Records from a dataset
Segment Open

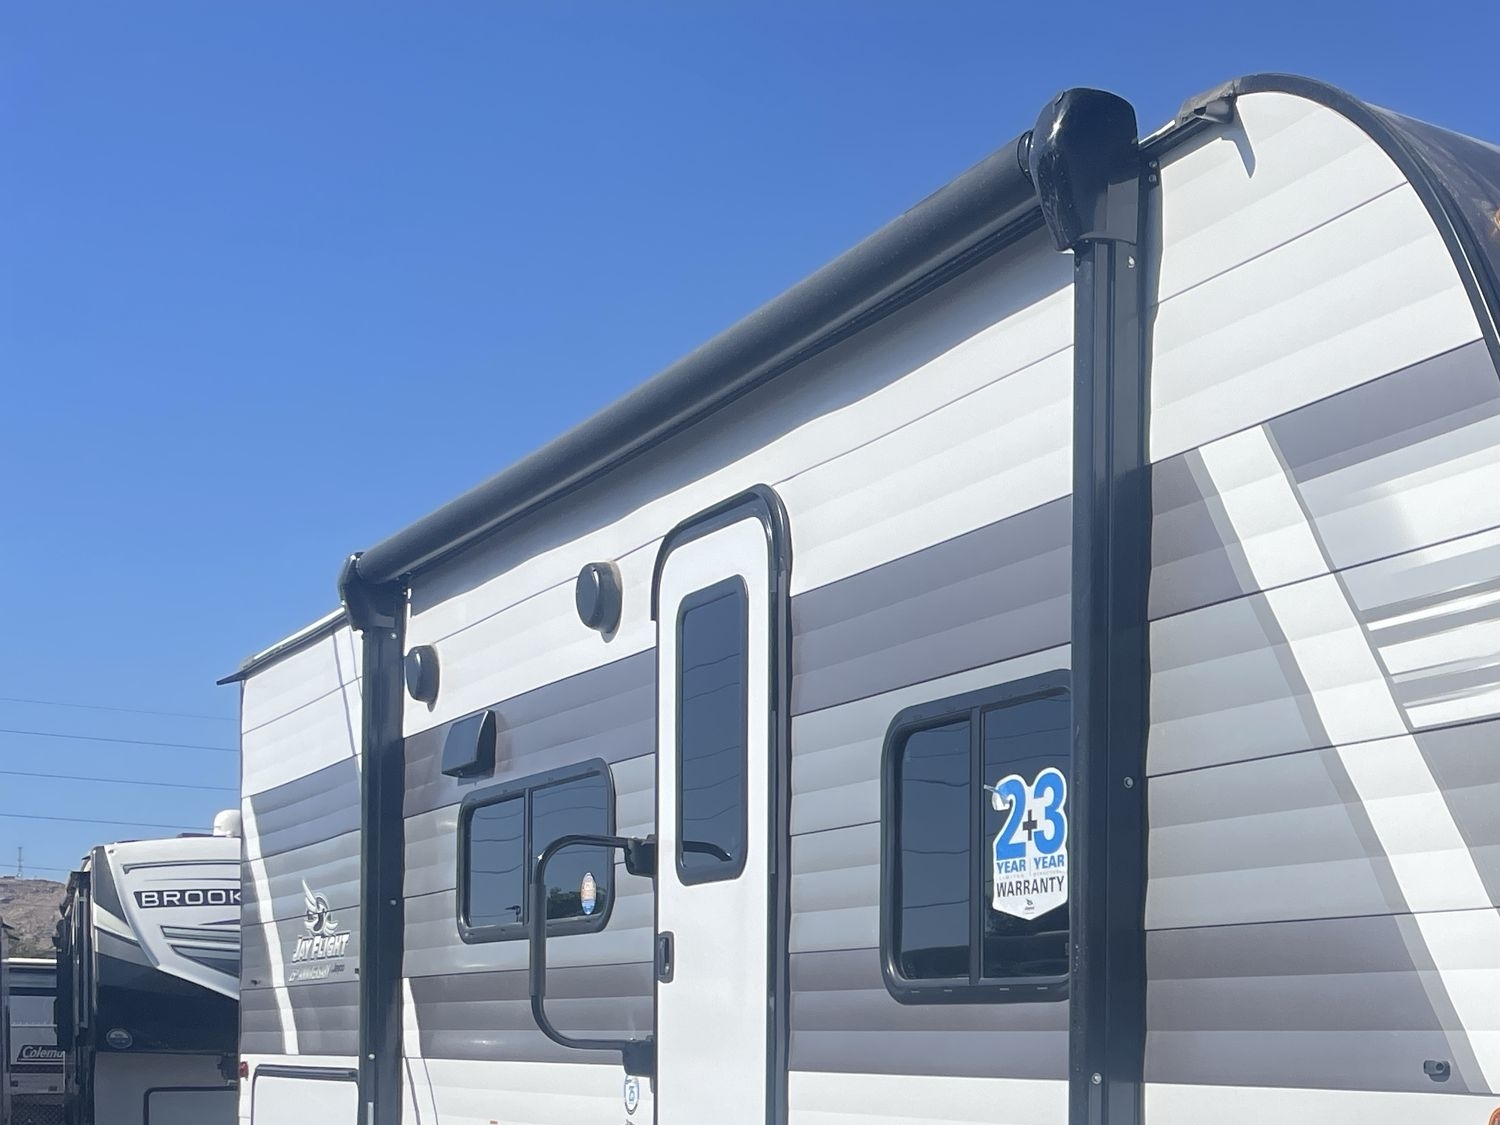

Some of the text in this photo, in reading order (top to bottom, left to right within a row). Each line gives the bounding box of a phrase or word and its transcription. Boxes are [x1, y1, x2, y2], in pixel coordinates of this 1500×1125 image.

[996, 859, 1026, 874] YEAR
[1033, 854, 1065, 870] YEAR
[996, 876, 1065, 898] WARRANTY
[310, 931, 351, 960] FLIGHT
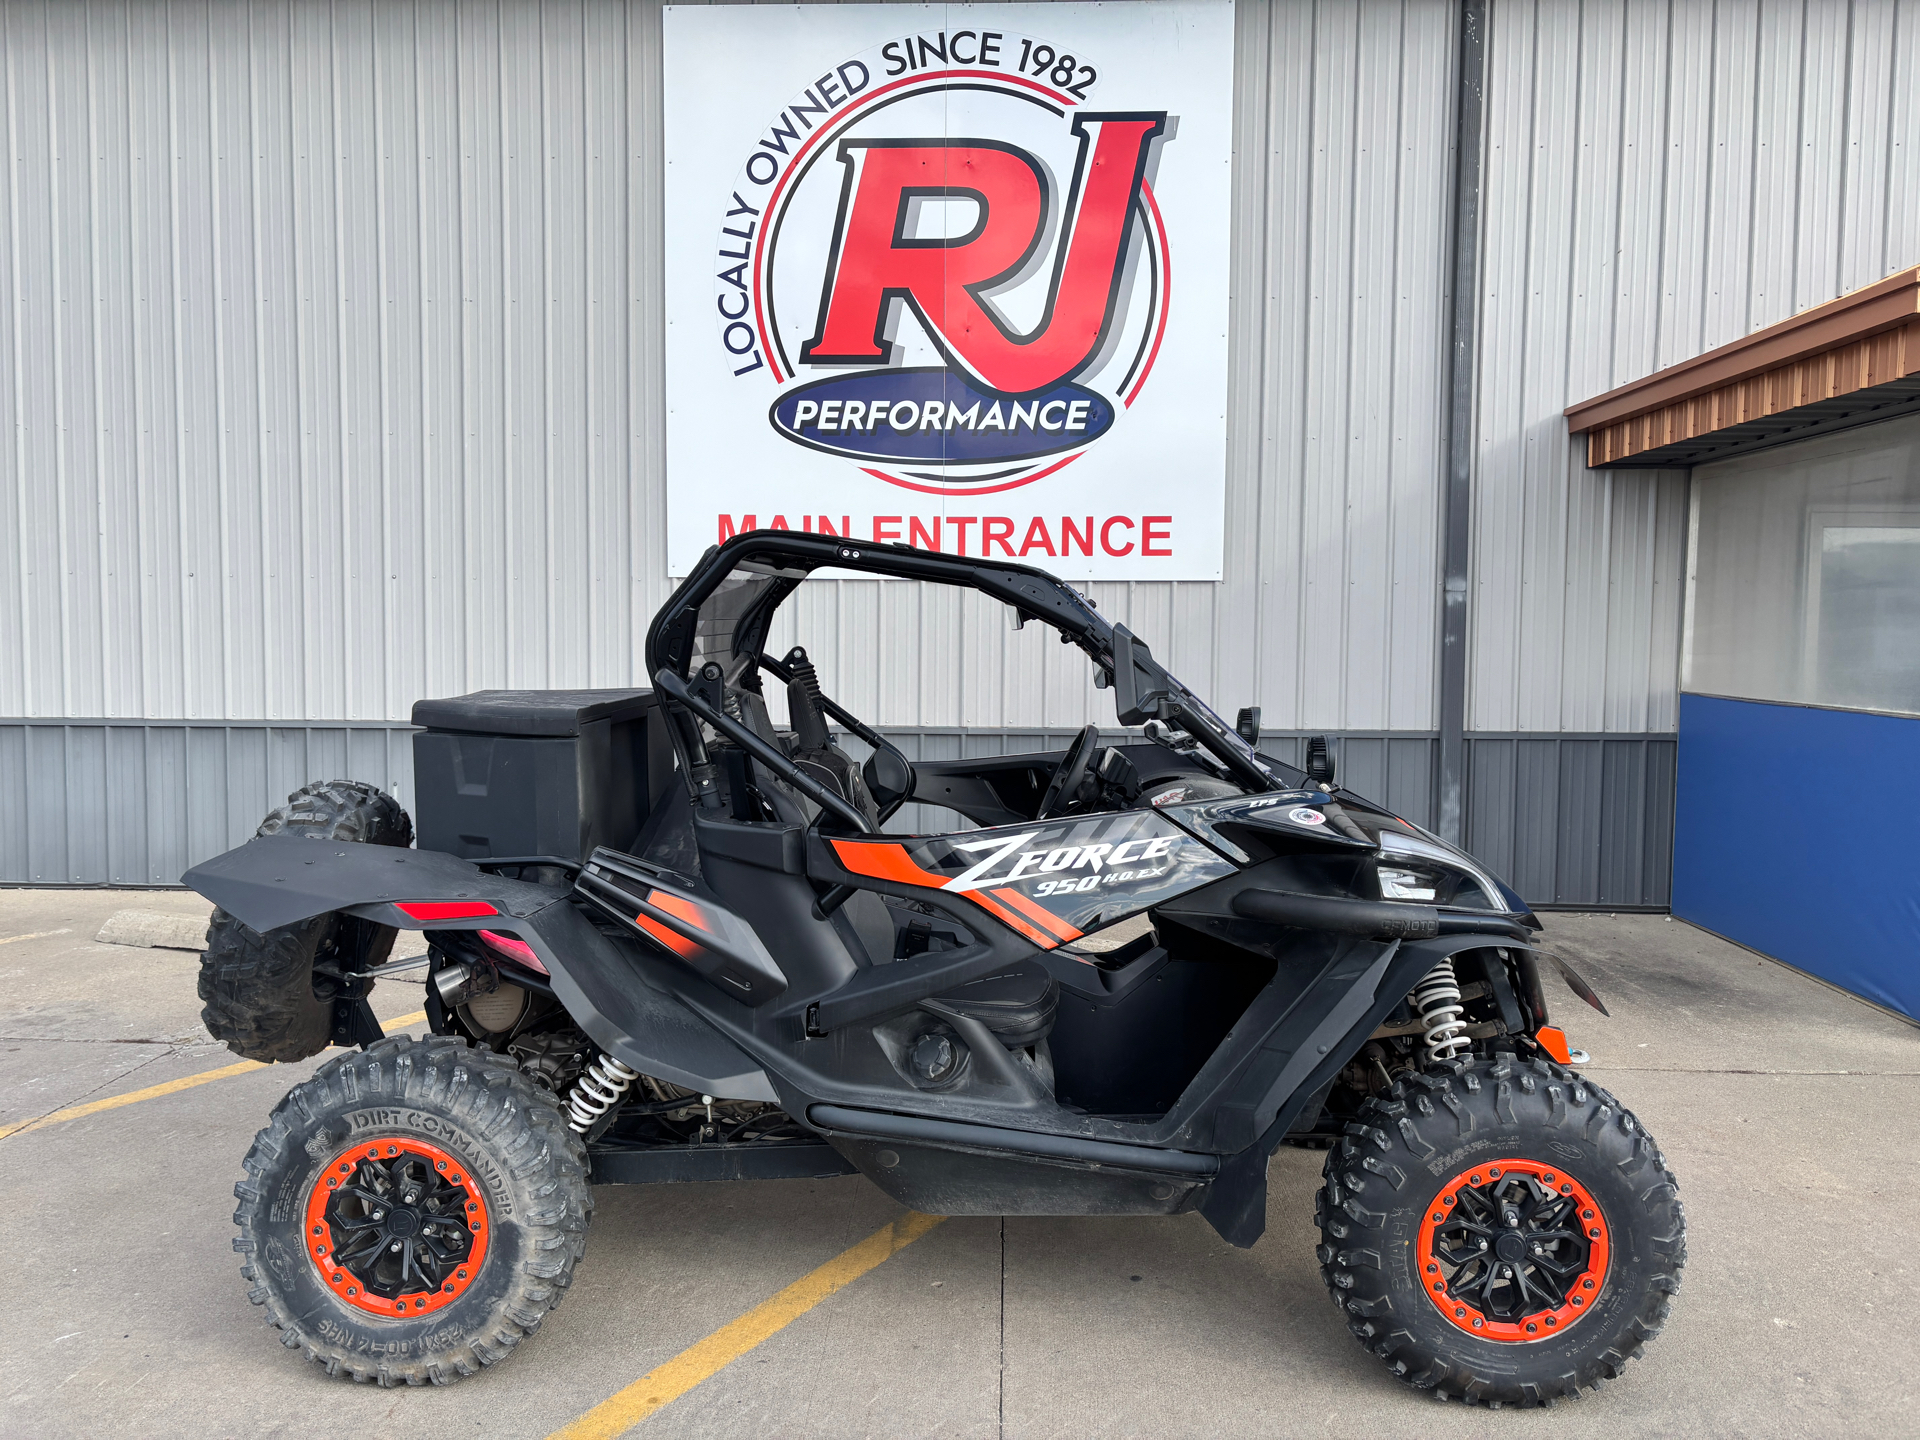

Segment Closed

What you need to do ->
You are asked to output the records precisely as they appear, minus any pictures.

Your response ->
Some of the text in this photo, in reading order (top to bottom, left to right within a row). Each line gives the bounding box of a phrase or word and its transcription. Boxes are [x1, y1, x2, y2], in pixel coordinates of this 1500×1125 image.

[996, 859, 1026, 874] YEAR
[1033, 854, 1065, 870] YEAR
[996, 876, 1065, 898] WARRANTY
[310, 931, 351, 960] FLIGHT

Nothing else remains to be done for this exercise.